Surprisingly, the average cost per attendee at venue-based programs in 2017 was only minimally higher ($389) than it was in 2012 ($373), in spite of the robust hotel and travel markets over the past few years. What's more, the authors conclude that "programs featuring national experts/key opinion leaders [as speakers] indicate better value" for life-sciences companies. The evidence: Average cost for venue-based programs using nationally accredited speakers actually fell from $5,922 to $5,617 between 2012 and 2017. Average cost per program for the speakers themselves rose, but only from $3,160 to $3,289 over five years. On the other hand, average total speaker expense per program fell from $716 to $512, while average food and beverage expense per program fell from $1,285 to $1,040. The latter two trends indicate a stronger focus by planners on cost containment in part to account for meal caps, but also to have more money for solid quality of content and to fund slightly higher attendance.
 
Changes in lead times have clear impact on HCP attendance at venue-based events, which makes sense given the logistics required. Here’s how lead times correspond with average attendance:
 
• less than one week: 7.8 HCPs
• one to two weeks: 9.2 HCPs
• two to three weeks: 10.1 HCPs
• three weeks or more: 12 HCPs
 
Interestingly, the minimal impact on attendance when there's 14 to 21 days to promote a venue-based promotional program versus when there's only 7 to 14 days suggests that companies presented with a timely opportunity can still gain a favorable return even if they have less than two weeks to promote the event to HCPs.
 
With tele- and virtual events, there's an even more striking short-term phenomenon: Having just one week of promotion actually draws slightly higher HCP attendance than events with two weeks of lead time. The authors note that "HCPs behave in a similar way to online consumers of other products and services" who respond well to immediacy. The CV/metabolics, immunology/infectious diseases, and oncology fields each use tele- and virtual events for less than three percent of all programs, while the pulmonary/respiratory field use tele- and virtual events most often (33 percent of programs).

The full AHM white paper can be found through this link.
 
More Data Analysis Coming Over the Next Five Years

AHM's analysis of the past three years of Open Payments data represents only the beginning of such efforts. Earlier in 2018, the Centers for Medicare and Medicaid Services (CMS) awarded Bethesda, Md.-based Econometrica Inc. a five-year contract to provide research and analytical services for the Open Payments program. Econometrica provides analysis, modeling, and economic evaluations for clients in several public and private sectors.

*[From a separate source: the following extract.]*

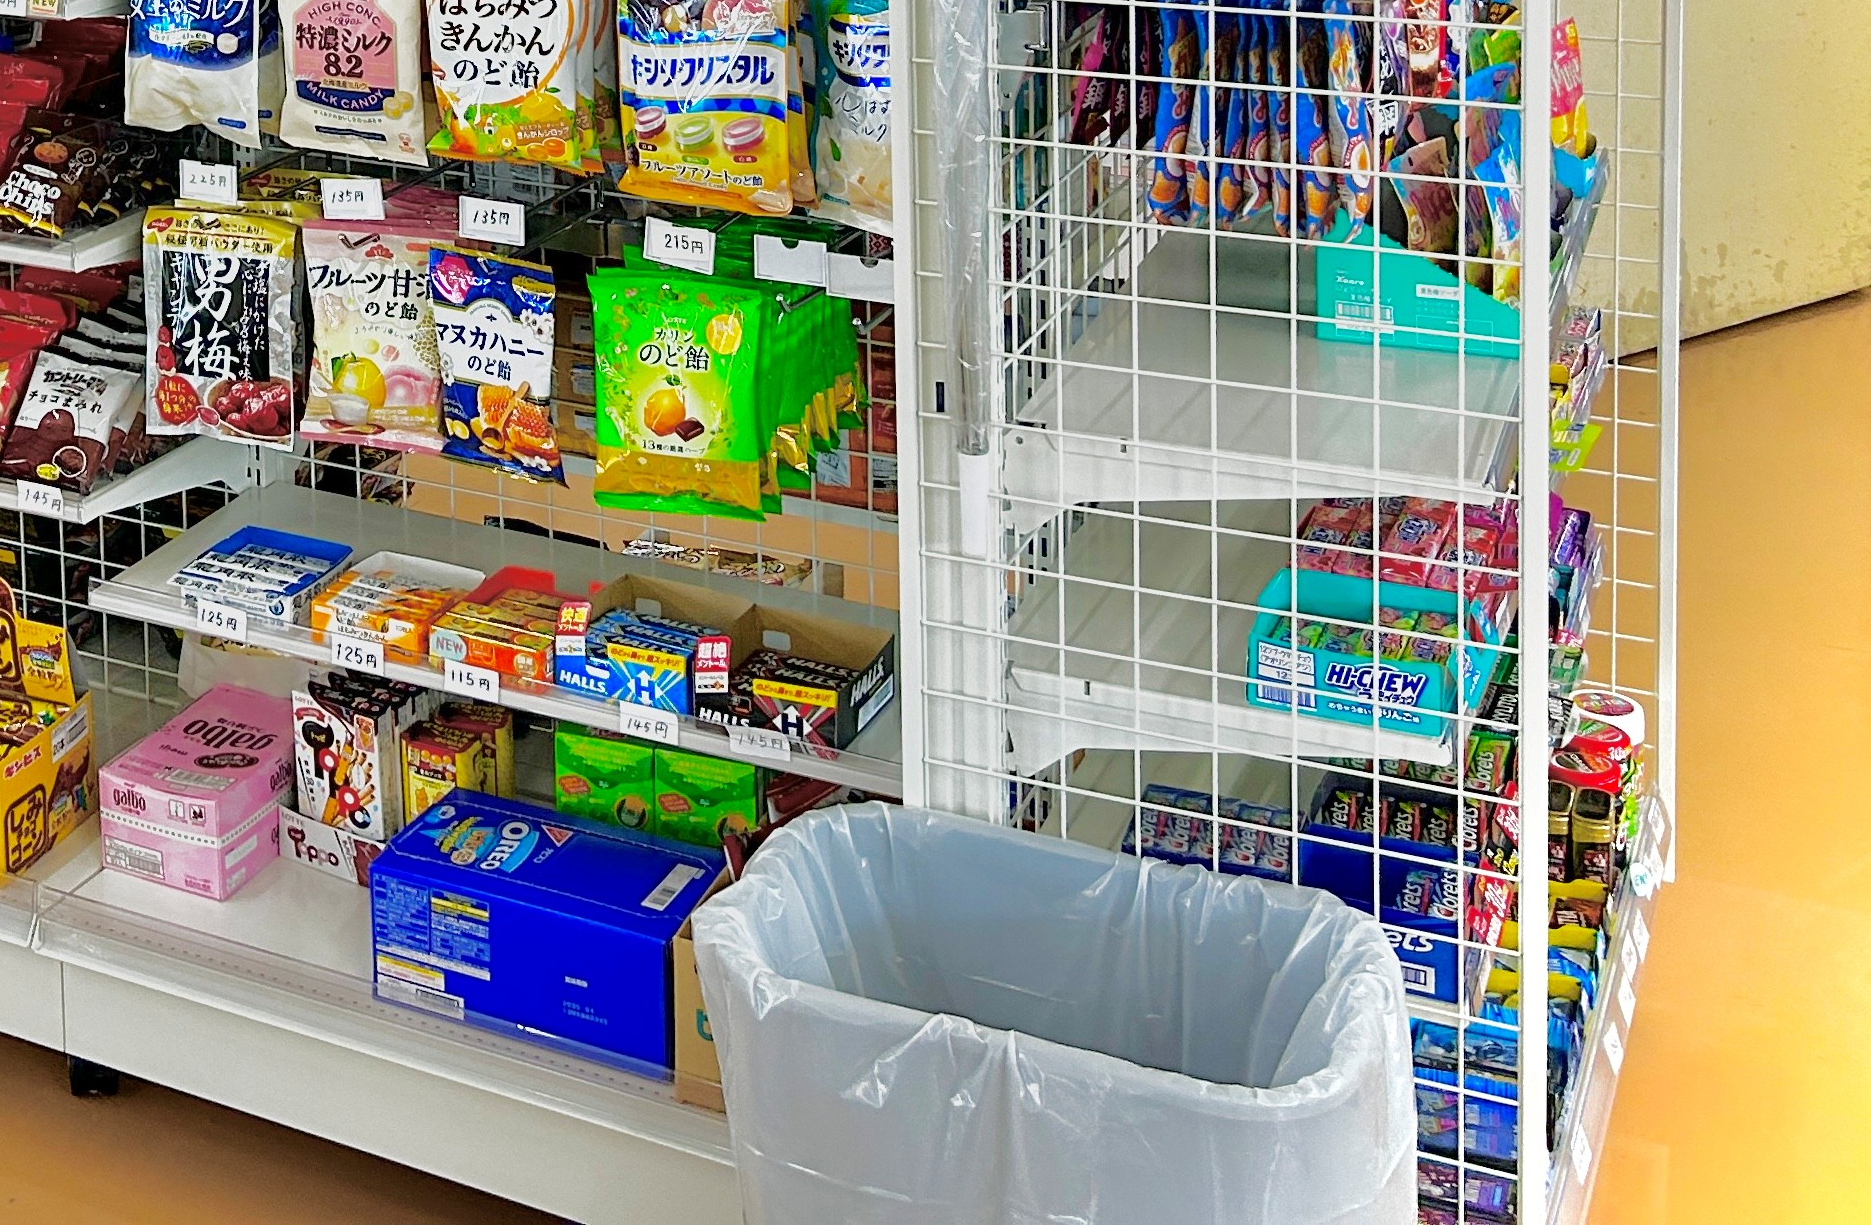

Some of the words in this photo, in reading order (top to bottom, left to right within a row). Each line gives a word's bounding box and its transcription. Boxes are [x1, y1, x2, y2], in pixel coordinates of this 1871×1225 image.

In addition to this latest agreement with CMS, Econometrica has contracts with the Department of Energy, the Department of Homeland Security, the Department of Housing, NASA, and the Transportation Security Administration.

Econometrica's contract with CMS is for $13.3 million over five years. Of this amount, 19.1 percent ($2.54 million) must be used by September 2019. The information collected will allow CMS to provide the U.S. Congress with detailed reports at different intervals, and perhaps spur changes to the Open Payments public interface. As a result, medical-device and other life-sciences companies should ensure their year-over-year data collection and reporting protocols are consistent.

A Pharma Snapshot from Another Research and Trends Report
 
In its seventh annual version of CWT Meetings & Events Future Trends Report, Carlson Wagonlit Travel recently made the following top-line observation about the pharma-events sector: "Increasing regulation on transparency is impacting budgets, but the cyclical nature of the global industry means that some companies—especially those with new product launches—are investing in their meetings and events programs, while those with products coming off patent are looking to make savings of up to 30 percent." The AHM white paper notes a similar trend as it relates to venue-based promotional programs aimed at HCPs: Such events are fewer among companies whose product pipelines are less robust at present.